Es el tipo de paseo en el que acabas parando el coche en cualquier lado simplemente para mirar alrededor un rato.
Comer en la zona: cocina de la meseta
La comida por aquí sigue la lógica de siempre: platos contundentes, pensados para jornadas largas de trabajo en el campo. Legumbres guisadas a fuego lento, carnes de cerdo o de vacuno y, cuando hay celebración, cordero asado al horno.
Dentro de Sinlabajos no es habitual encontrar muchos sitios donde sentarse a comer, así que suele ser buena idea organizar la parada en alguno de los pueblos cercanos. La zona tiene tradición de cocina castellana bastante directa, sin demasiadas vueltas.
También es relativamente común encontrar producción local en la comarca: miel, queso o aceite en pequeñas cantidades. Si te interesa entender qué se mueve en el campo más allá del cereal, merece la pena preguntar por lo que se produce alrededor.
Fiestas que reúnen a los que están y a los que vuelven
En verano el pueblo cambia un poco de ritmo. Las fiestas patronales dedicadas a san Bartolomé suelen celebrarse en agosto y es cuando muchas familias regresan unos días.
Procesiones, encuentros entre vecinos, música o actividades sencillas en la plaza. No son fiestas pensadas para atraer gente de fuera, sino para reunirse. Y precisamente por eso tienen ese ambiente de pueblo donde casi todo el mundo se conoce.

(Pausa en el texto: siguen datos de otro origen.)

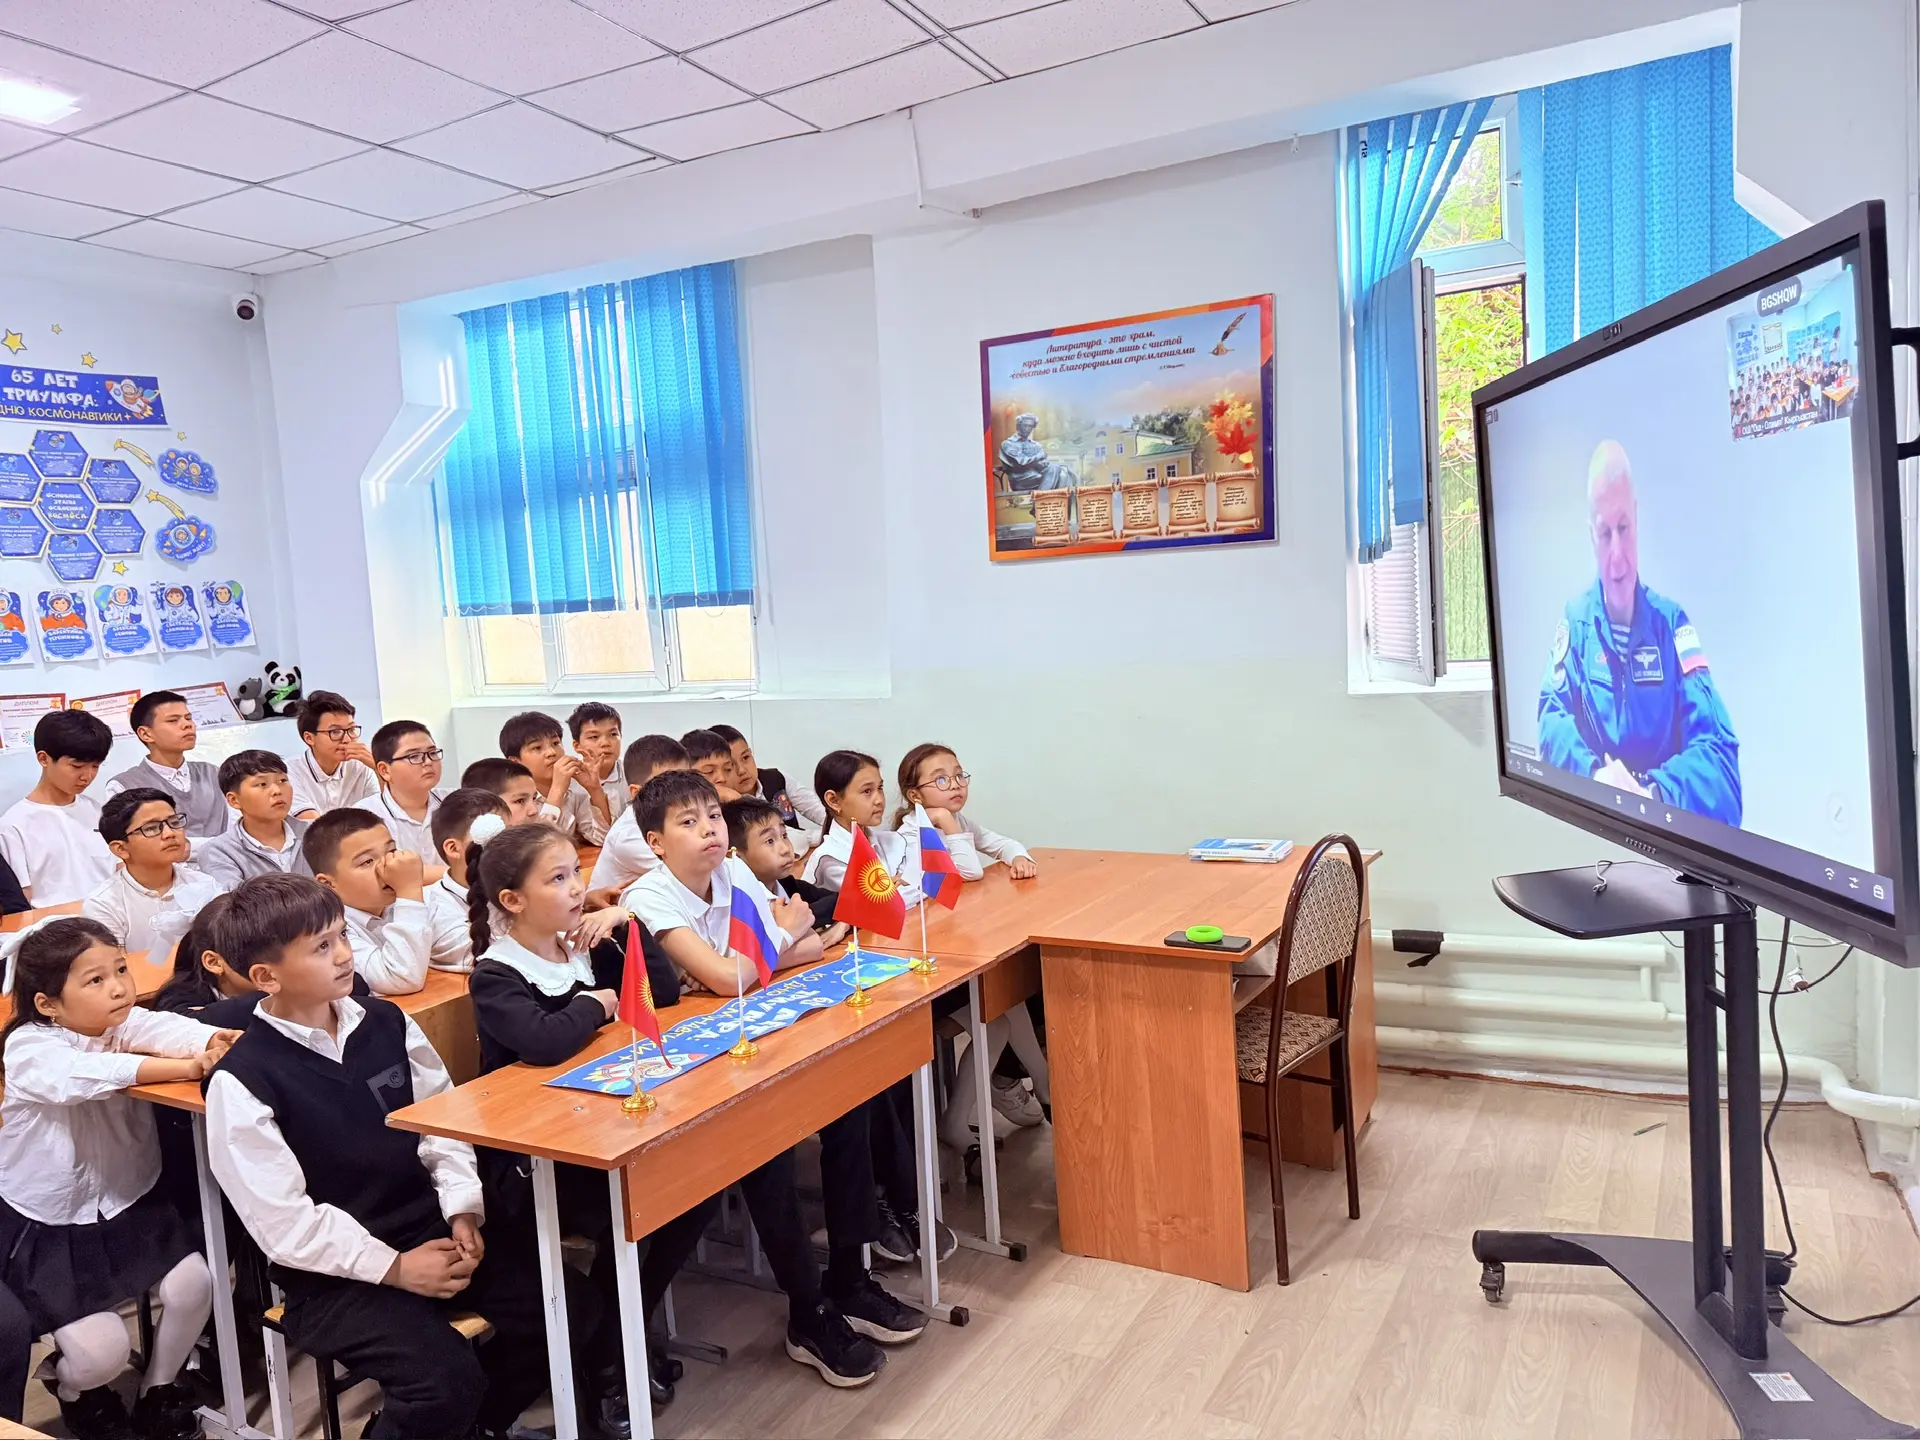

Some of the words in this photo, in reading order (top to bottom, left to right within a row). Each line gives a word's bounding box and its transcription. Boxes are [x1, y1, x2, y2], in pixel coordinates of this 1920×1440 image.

Al final, Sinlabajos es uno de esos sitios que no vas a encontrar en grandes listas de destinos. Pero si te gusta recorrer la Moraña con calma, parar en pueblos pequeños y entender cómo se vive realmente en esta parte de Castilla, encaja bastante bien en el camino. Aquí no pasa gran cosa… y, curiosamente, esa es parte de la gracia.